Я пользуюсь успехом.
Иной раз, само собой, интересуются моим дружком. Я всегда печально улыбаюсь (чтобы при необходимости задним числом могла утверждать, что все это в шутку) и отвечаю, что мой жених погиб при кораблекрушении. Это довольно оригинально: никому и в голову не приходит, что подобные вещи я могла бы придумать. Кроме прочего, престиж моряка в Чехии явно высок, потому так легко я отбиваю любые похотливые атаки. Смерть, пусть вымышленная, остановит каждого. Я вдова моряка. Женщина с тайной. Подробности оставляю при себе.

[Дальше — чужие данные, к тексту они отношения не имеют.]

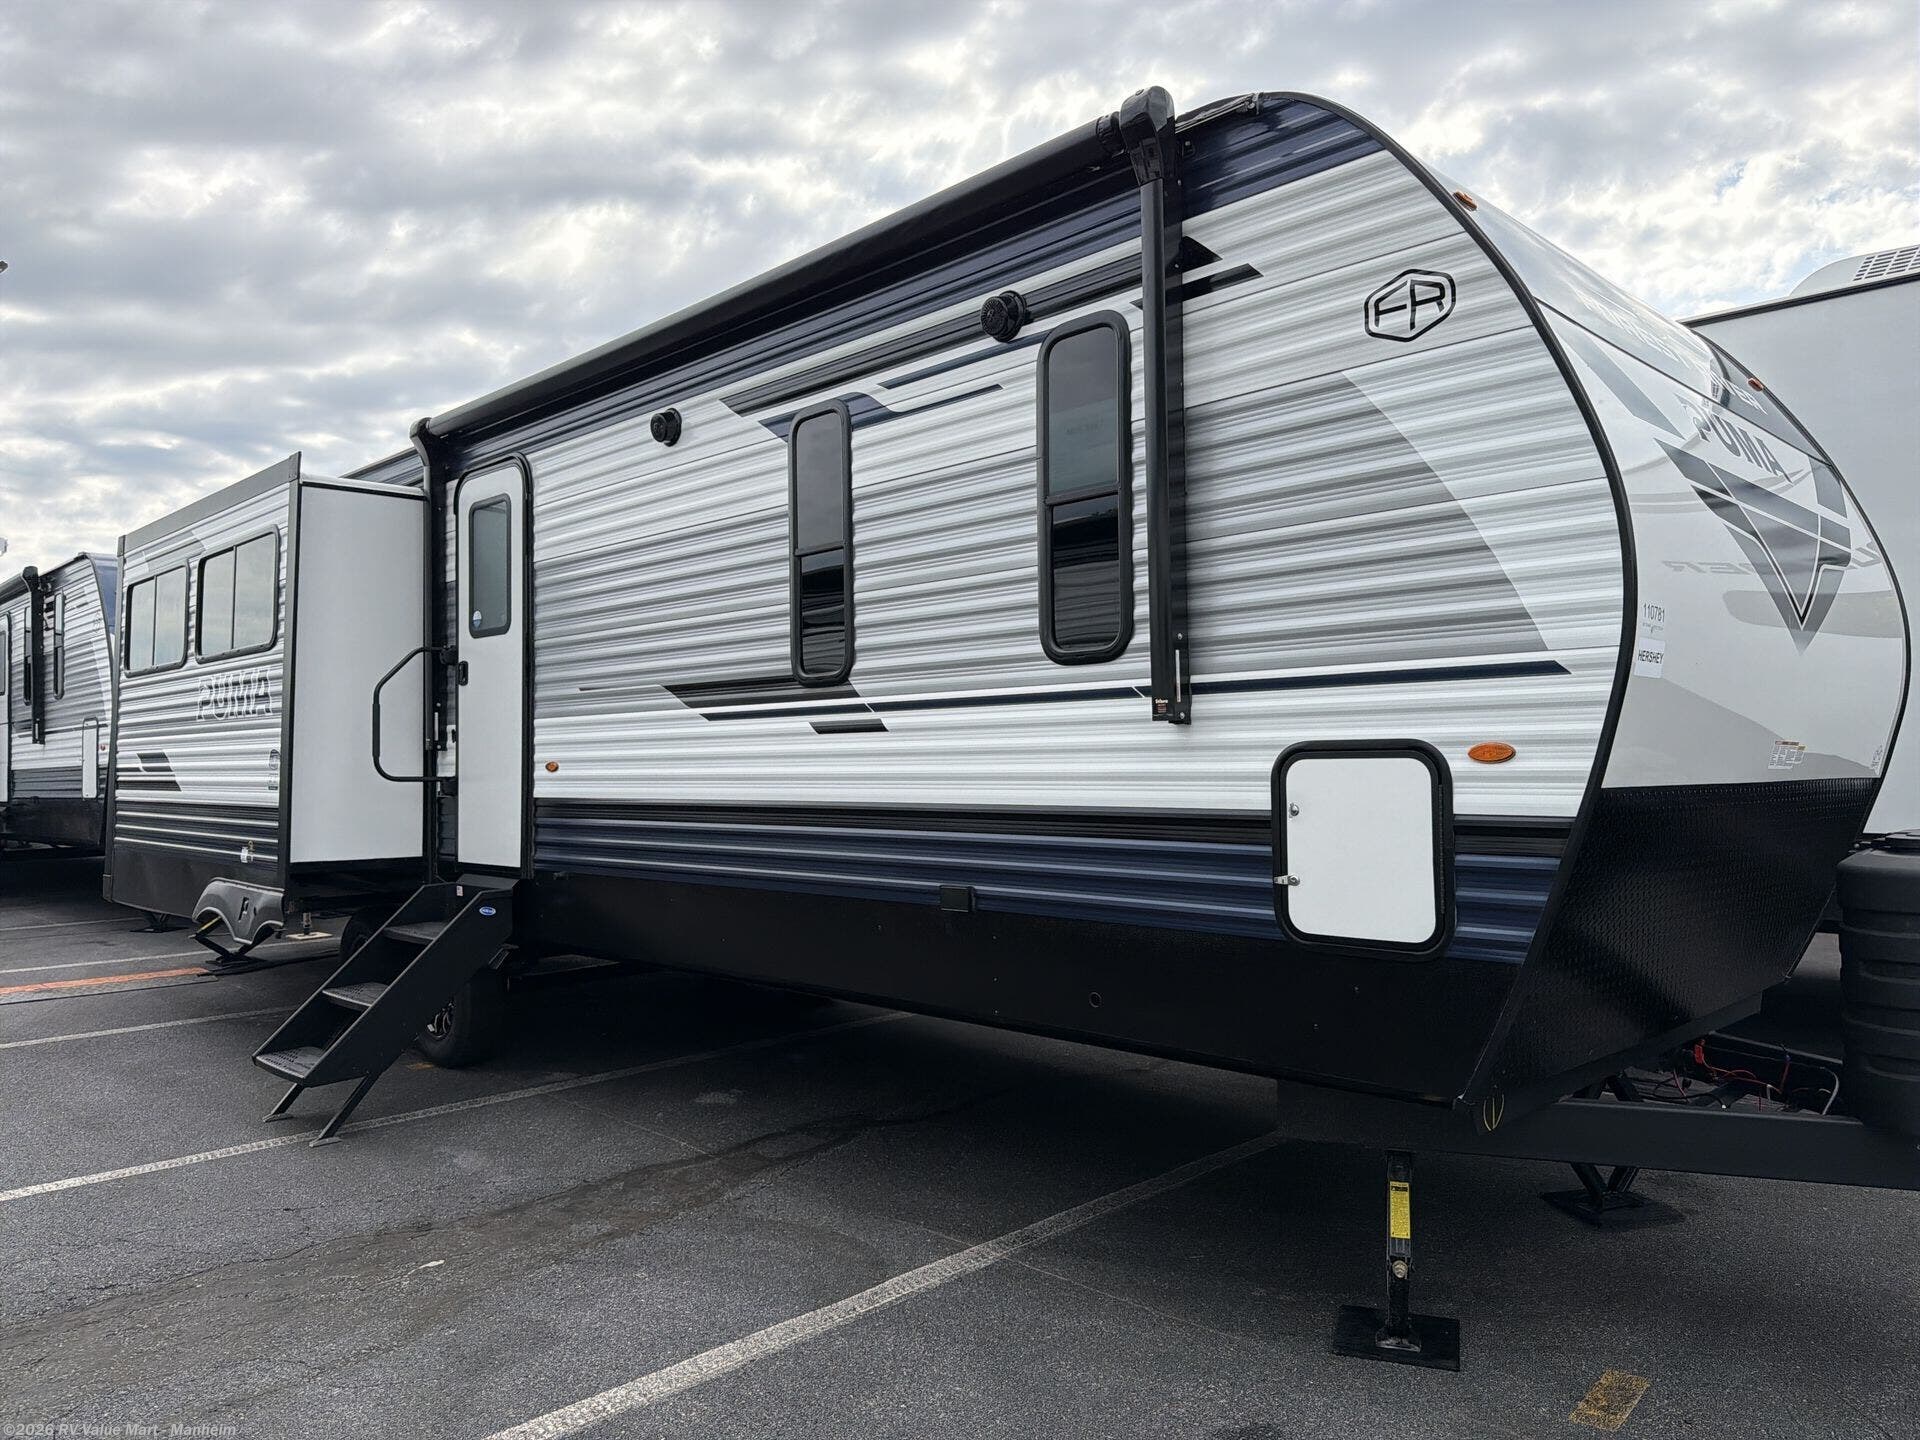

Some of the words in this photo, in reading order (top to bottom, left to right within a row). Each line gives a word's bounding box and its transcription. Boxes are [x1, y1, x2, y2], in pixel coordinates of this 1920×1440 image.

— Не сердись, не хочу говорить об этом, — отвечаю я, когда лезут с расспросами. — Все слишком свежо.
— Ясно, понимаю.
Не полный ли фарс человеческая жизнь?
Однажды в опьянении перестаю контролировать себя и, импровизируя, раскручиваю сюжет об уделе жен моряков: вечное ожидание, чудо возвращения… Все проглатывают наживку вместе с крючком (иногда думаю, что я запросто могла бы стать писательницей). Воображаемое возвращение изголодавшегося по женской плоти моряка откуда-то с берегов Океании, конечно, непомерно возбуждает меня; уже в пивной я знаю, что дома быстро запихну прокуренное белье в стиральную машину, приму душ, улягусь в постель и унесусь в своих фантазиях намного дальше.